TASK OBJECTIVE: Write out every entry, unchanged. Skip any picture.
──────
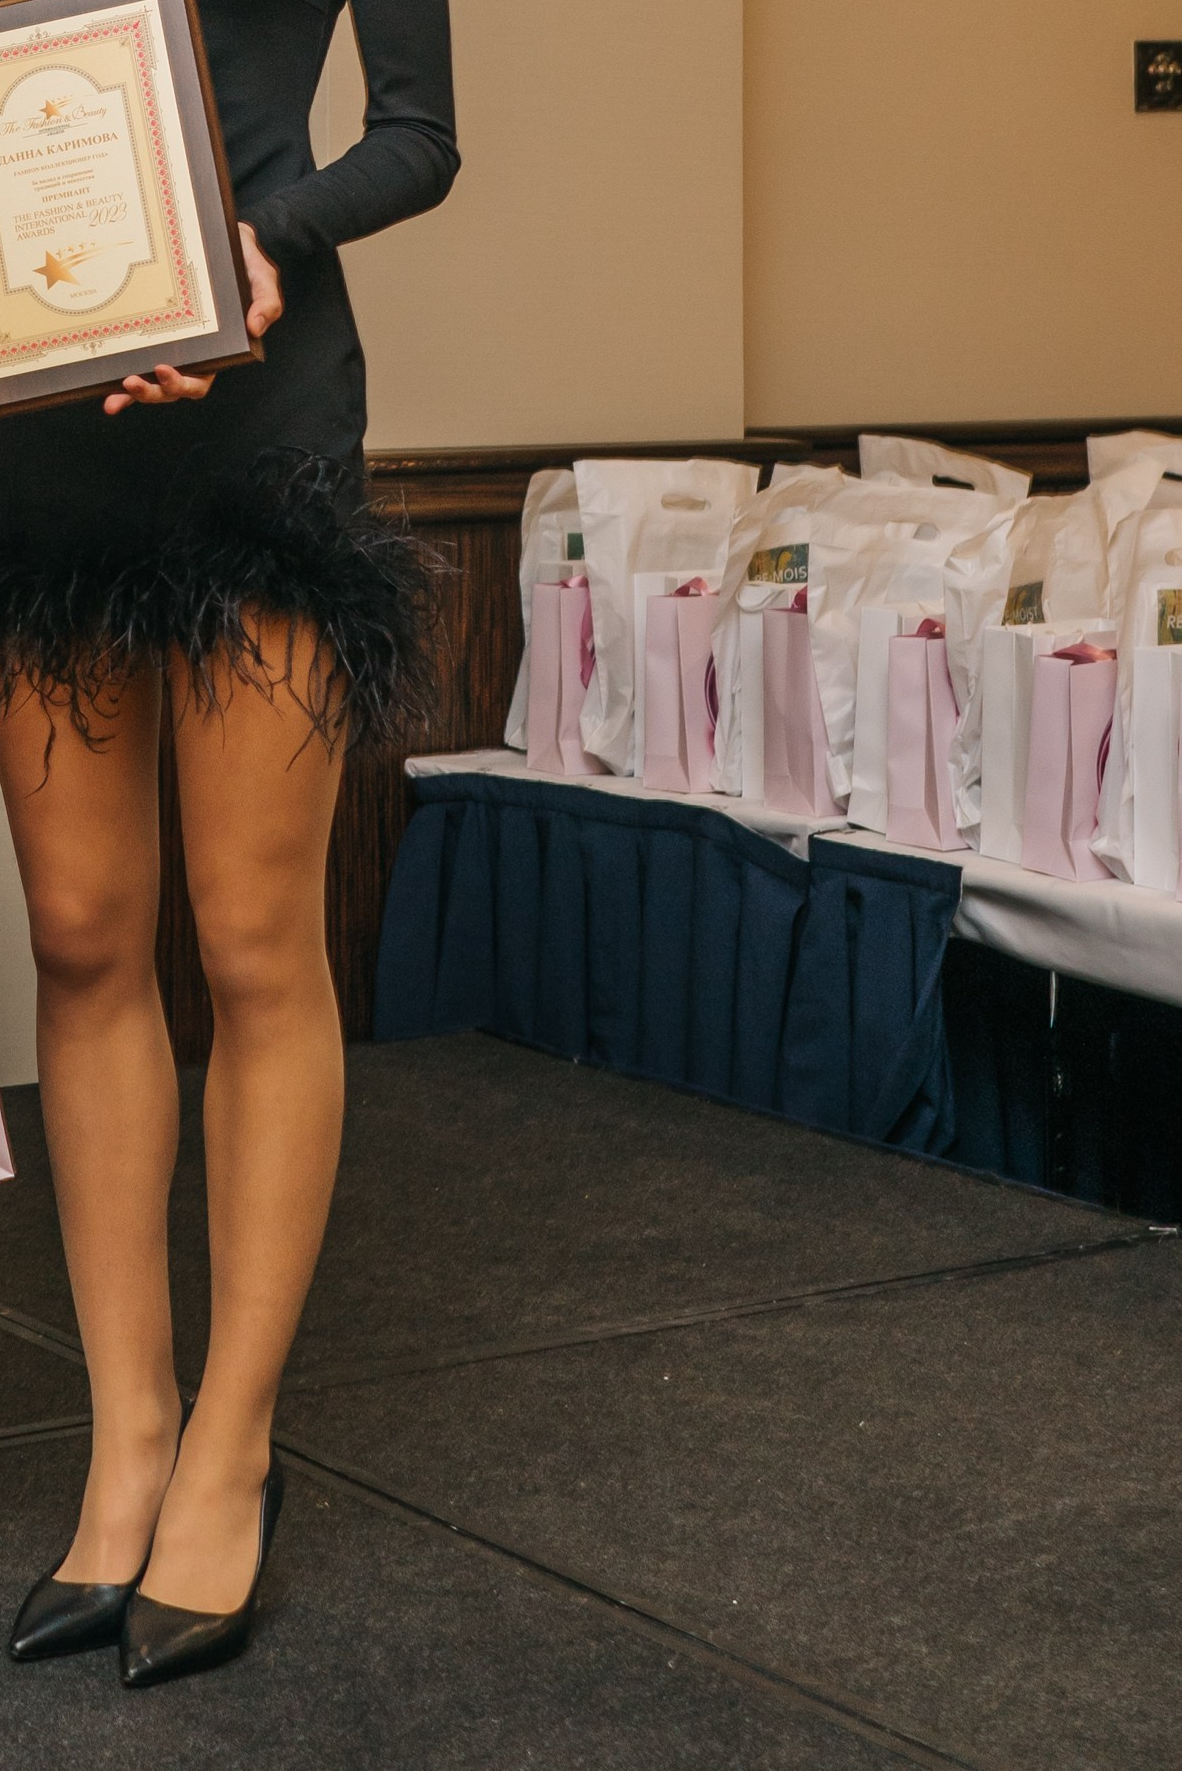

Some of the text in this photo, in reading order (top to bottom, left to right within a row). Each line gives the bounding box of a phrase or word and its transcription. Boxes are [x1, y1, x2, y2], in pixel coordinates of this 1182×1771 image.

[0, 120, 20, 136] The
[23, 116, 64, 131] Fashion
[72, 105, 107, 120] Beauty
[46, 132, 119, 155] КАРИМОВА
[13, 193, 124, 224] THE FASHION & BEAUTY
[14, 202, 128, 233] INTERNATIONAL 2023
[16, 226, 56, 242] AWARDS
──────
WRITTEN ANSWER:
Some of the text in this photo, in reading order (top to bottom, left to right within a row). Each line gives the bounding box of a phrase or word and its transcription. Boxes are [x1, y1, x2, y2], in pixel coordinates of this 1182×1771 image.

[0, 120, 20, 136] The
[23, 116, 64, 131] Fashion
[72, 105, 107, 120] Beauty
[46, 132, 119, 155] КАРИМОВА
[13, 193, 124, 224] THE FASHION & BEAUTY
[14, 202, 128, 233] INTERNATIONAL 2023
[16, 226, 56, 242] AWARDS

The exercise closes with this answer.